Maintenance and Downtime Policy¶
The ULHPC team will schedule maintenance in one of three manners:
- Rolling reboots Whenever possible, ULHPC will apply updates and do other maintenance in a rolling fashion in such a manner as to have either no or as little impact as possible to ULHPC services
- Partial outages We will do these as needed but in a manner that impacts only some ULHPC services at a time
- Full outages These are outages that will affect all ULHPC services, such as outages of core datacenter networking services, datacenter power of HVAC/cooling system maintenance or global GPFS/Spectrumscale filesystem updates. Such maintenance windows typically happen on a quarterly basis. It should be noted that we are not always able to anticipate when these outages are needed.
ULHPC's goal for these downtimes is to have them completed as fast as possible. However, validation and qualification of the full platform takes typically one working day, and unforeseen or unusual circumstances may occur. So count for such outages a multiple-day downtime.
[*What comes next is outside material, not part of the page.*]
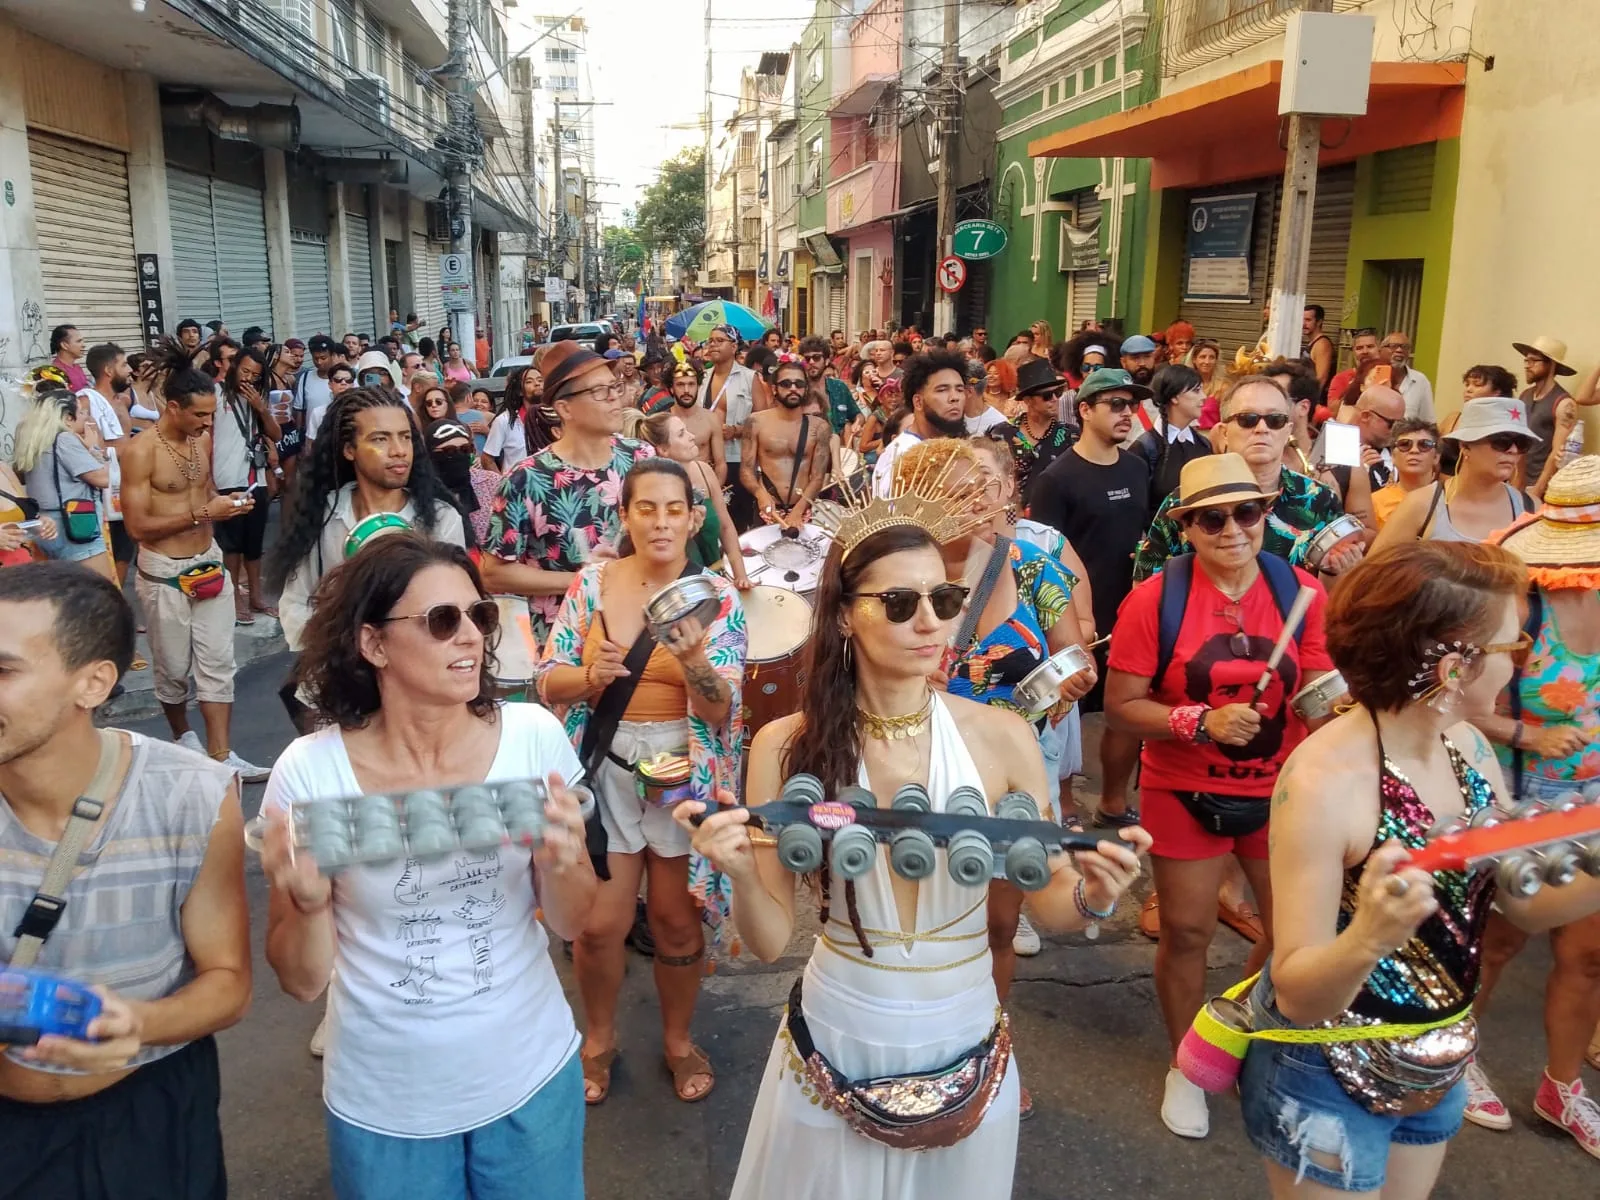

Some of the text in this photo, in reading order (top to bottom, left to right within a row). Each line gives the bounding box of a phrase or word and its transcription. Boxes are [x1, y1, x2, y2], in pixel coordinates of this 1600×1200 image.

We normally inform users of cluster maintenance at least 3 weeks in advance by mail using the HPC User community mailing list (moderated):
A second reminder is sent a few days prior to actual downtime.
The news of the downtimes is also posted on the Live status page.
Finally, a colored "message of the day" (motd) banner is displayed on all access/login servers such that you can quickly be informed of any incoming maintenance operation upon connection to the cluster. You can see this when you login or (again),any time by issuing the command:
Detecting maintenance... During the maintenance
- During the maintenance period, access to the involved cluster access/login serveur is DENIED and any users still logged-in are disconnected at the beginning of the maintenance
- We will notify you of the end of the maintenance with a summary of the performed operations.
Exceptional "EMERGENCY" maintenance¶
Unscheduled downtimes can occur for any number of reasons, including:
- Loss of cooling and/or power in the data center.
- Loss of supporting infrastructure (i.e. hardware).
- Critical need to make changes to hardware or software that negatively impacts performance or access.
- Application of critical patches that can't wait until the next scheduled maintenance.
- For safety or security issues that require immediate action.
We will try to notify users in the advent of such event by email.
The ULHPC team reserves the right to intervene in user activity without notice when such activity may destabilize the platform and/or is at the expense of other users, and/or to monitor/verify/debug ongoing system activity.